Synthetical chemicals are ever-present in modern life—in our medications, cosmetics and clothing—but what happens to them when they enter our municipal water supplies?

Because these chemicals are out-of-sight, out-of-mind, we assume they cannot harm us after we flush them down the sink. However, most water treatment infrastructures were not designed to remove synthetic organic chemicals like those found in opioids, personal care products and pharmaceuticals.

During flash flooding, water treatment systems can become overwhelmed, allowing untreated effluent and household chemicals to flow into local waterways. Credit: Sarah Bird/Michigan Tech.

Consequently, trace concentrations of those chemicals are present in effluent: the water discharged from treatment plants into lakes, rivers and streams. Although found in extremely small concentrations, just nanograms or micrograms, the toxicity is not well understood in human bodies and ecosystems.

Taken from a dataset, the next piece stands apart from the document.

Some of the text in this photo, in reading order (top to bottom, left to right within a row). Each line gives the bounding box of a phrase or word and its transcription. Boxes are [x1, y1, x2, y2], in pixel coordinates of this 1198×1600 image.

Worse, we know even less about the effects on human and ecosystem health of byproducts created during advanced oxidation water treatment processes; thousands of chemical byproducts can be created in just minutes.

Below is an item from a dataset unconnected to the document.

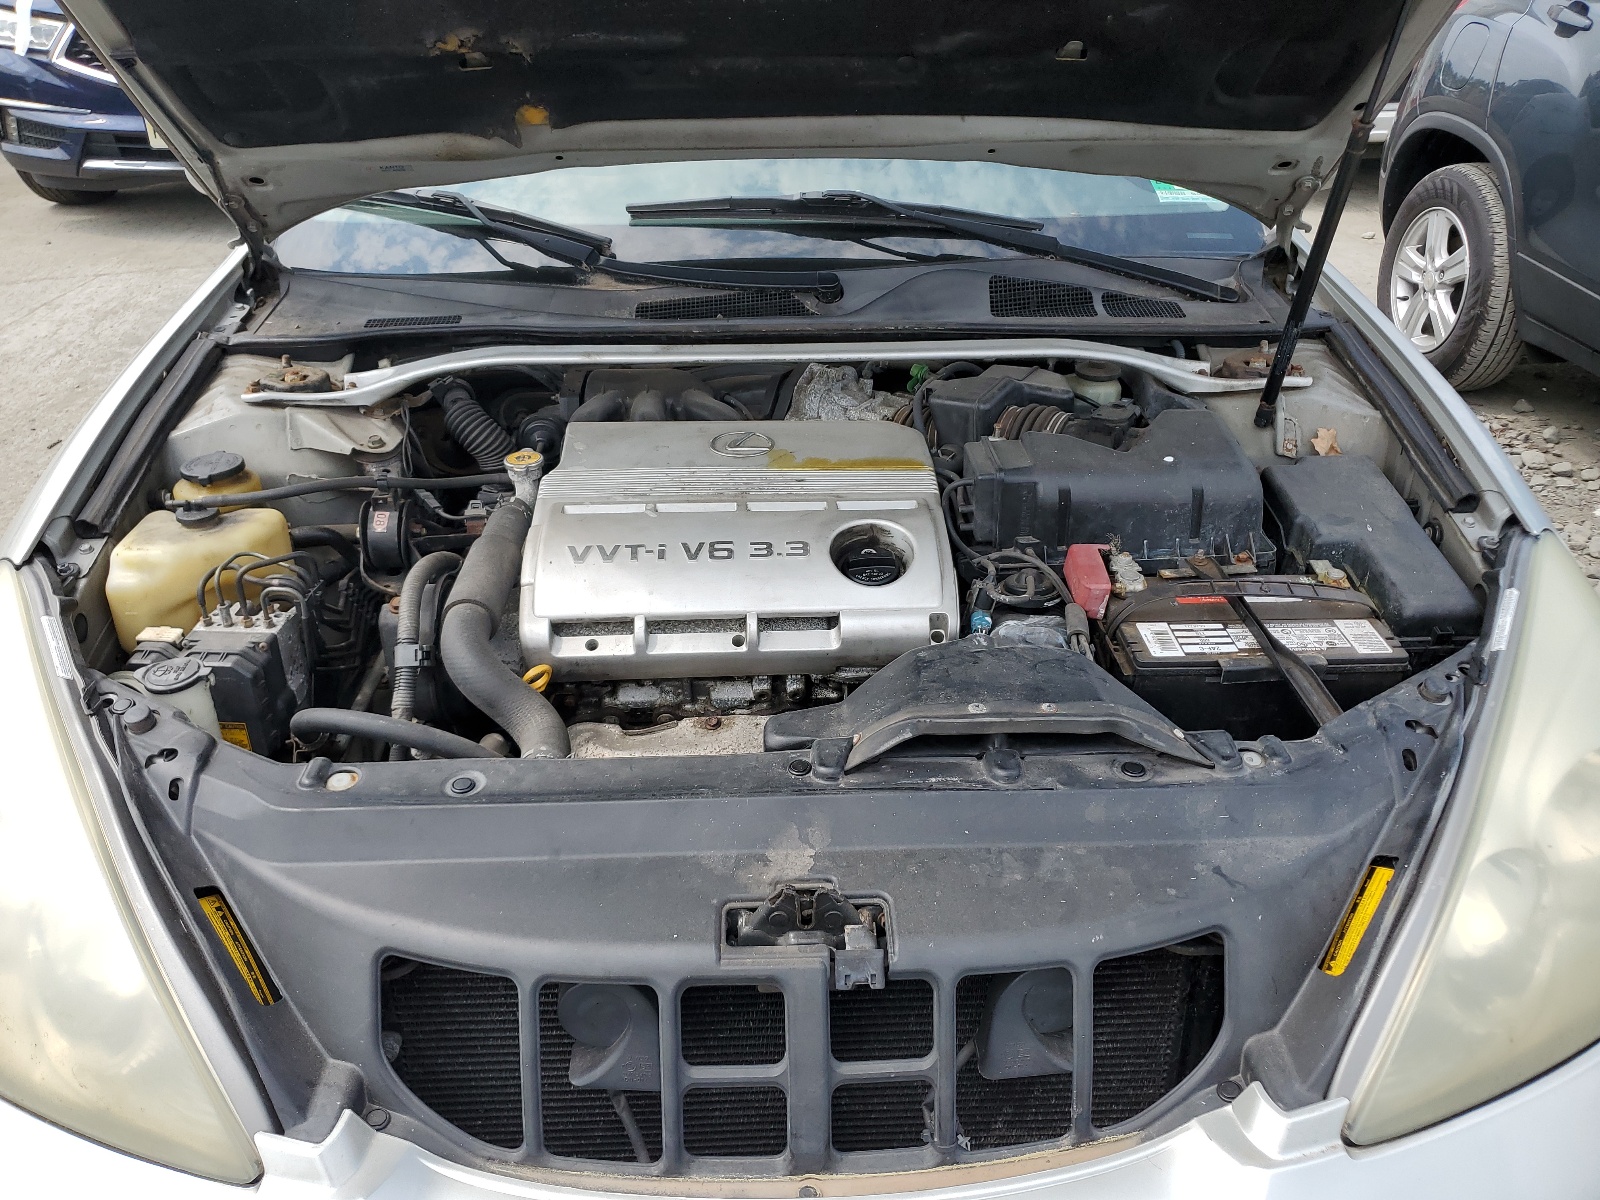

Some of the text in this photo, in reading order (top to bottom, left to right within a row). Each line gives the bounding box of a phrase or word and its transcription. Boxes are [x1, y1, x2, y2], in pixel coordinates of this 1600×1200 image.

[566, 540, 811, 564] VVT-i V6 3.3

Therefore, it’s crucial that scientists and treatment plant managers understand the mechanisms by which chemical byproducts are created during the treatment process. Daisuke Minakata, assistant professor of civil and environmental engineering at Michigan Technological University, with coauthors Divya Kamath and Stephen Mezyk, sought to understand those mechanisms using acetone as a test case.

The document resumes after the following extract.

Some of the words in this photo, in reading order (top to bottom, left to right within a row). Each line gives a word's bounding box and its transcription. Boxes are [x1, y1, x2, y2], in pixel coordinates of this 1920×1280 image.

Their results are published in the article, “Elucidating the Elementary Reaction Pathways and Kinetics of Hydroxyl Radical-Induced Acetone Degradation in Aqueous Phase Advanced Oxidation Process” in the journal Environmental Science and Technology, published by the American Chemical Society.

“When we do water treatment using advanced chemical oxidation, those oxidants destroy target organic compounds but create byproducts,” Prof. Minakata says. “Some byproducts may be more toxic than their parent compound. We need to understand the fundamental mechanisms of how the byproducts are produced and then we can predict what to be produced from many other chemicals. We found more than 200 reactions involved in acetone degradations based on computational work.”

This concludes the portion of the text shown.